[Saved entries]
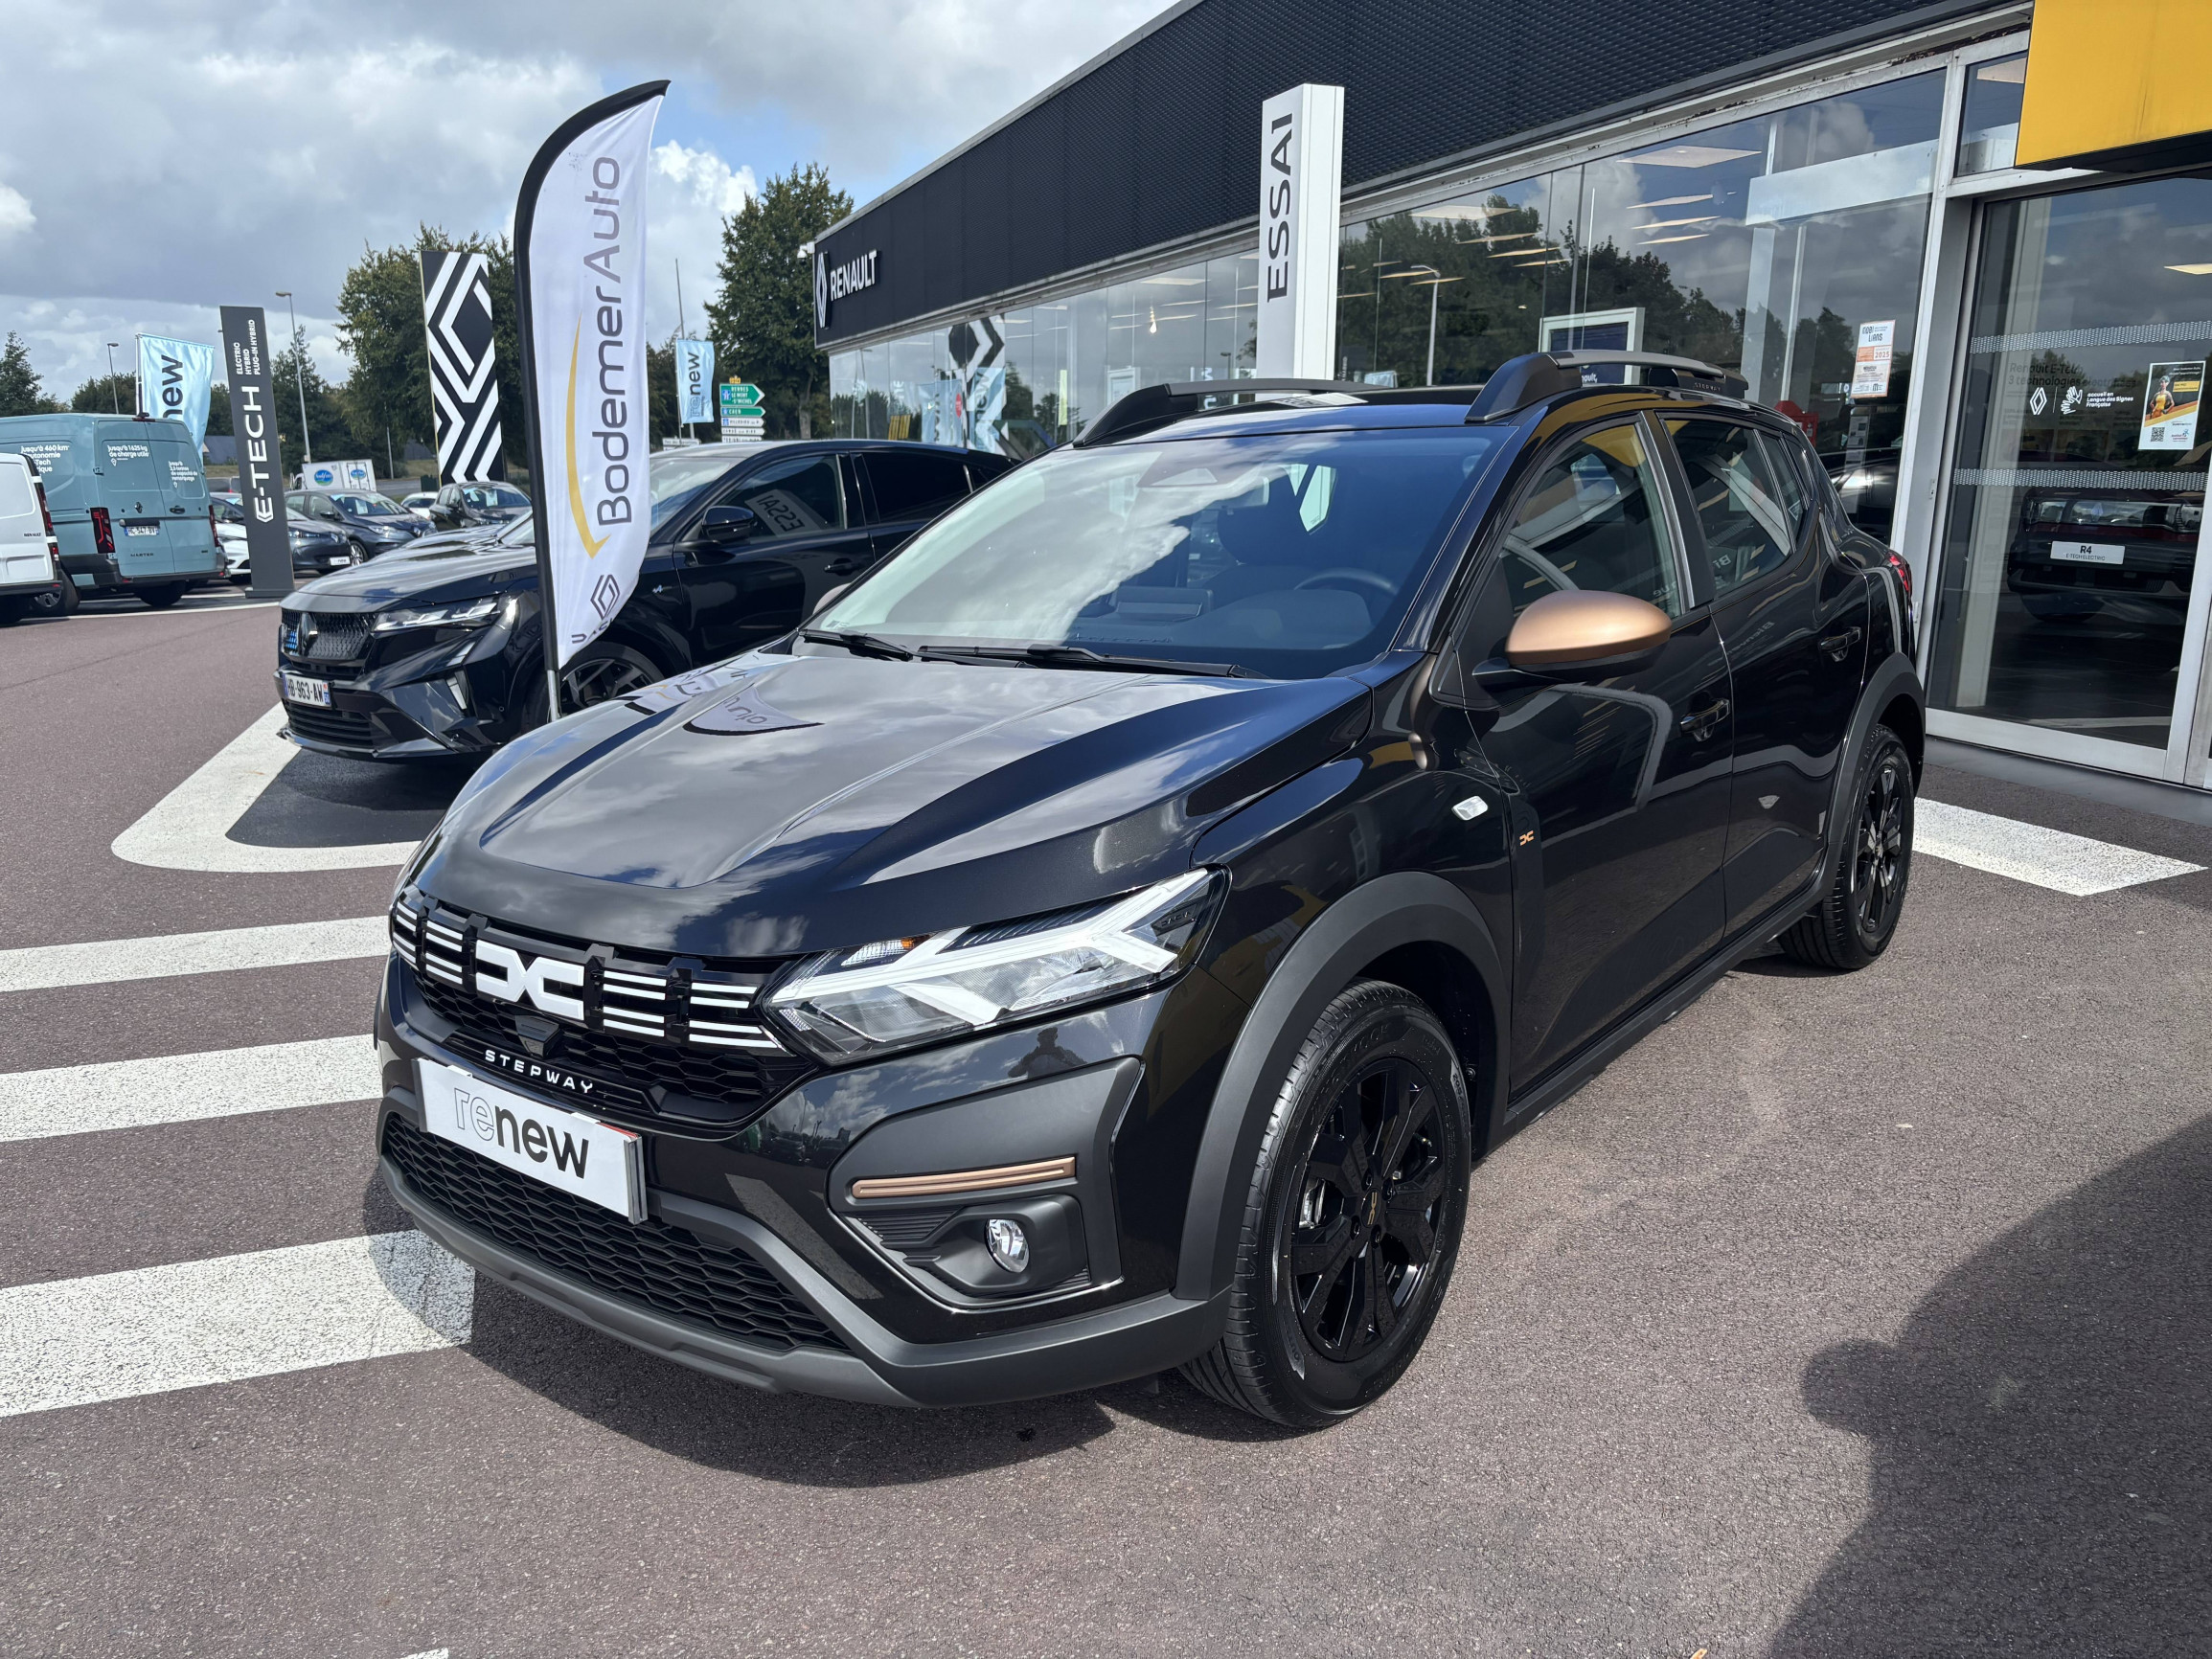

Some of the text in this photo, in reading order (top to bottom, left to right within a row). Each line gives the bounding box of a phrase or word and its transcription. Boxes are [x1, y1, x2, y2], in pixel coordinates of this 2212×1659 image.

[1267, 113, 1293, 303] ESSAI
[830, 250, 878, 302] RENAULT
[233, 342, 243, 375] ELECTRIC
[242, 349, 252, 375] HYBRID
[248, 319, 261, 375] PLUG-IN HYBRID
[161, 354, 183, 419] new
[241, 386, 274, 523] E-TECH
[2080, 545, 2092, 554] R4
[485, 1049, 593, 1094] STEPWAY
[453, 1087, 590, 1179] renew

### [About this task]
Should a record include a picture, drop the picture and write out the remainder exactly.

### [Task result]
Some of the text in this photo, in reading order (top to bottom, left to right within a row). Each line gives the bounding box of a phrase or word and its transcription. Boxes are [x1, y1, x2, y2], in pixel coordinates of this 2212×1659 image.

[1267, 113, 1293, 303] ESSAI
[830, 250, 878, 302] RENAULT
[233, 342, 243, 375] ELECTRIC
[242, 349, 252, 375] HYBRID
[248, 319, 261, 375] PLUG-IN HYBRID
[161, 354, 183, 419] new
[241, 386, 274, 523] E-TECH
[2080, 545, 2092, 554] R4
[485, 1049, 593, 1094] STEPWAY
[453, 1087, 590, 1179] renew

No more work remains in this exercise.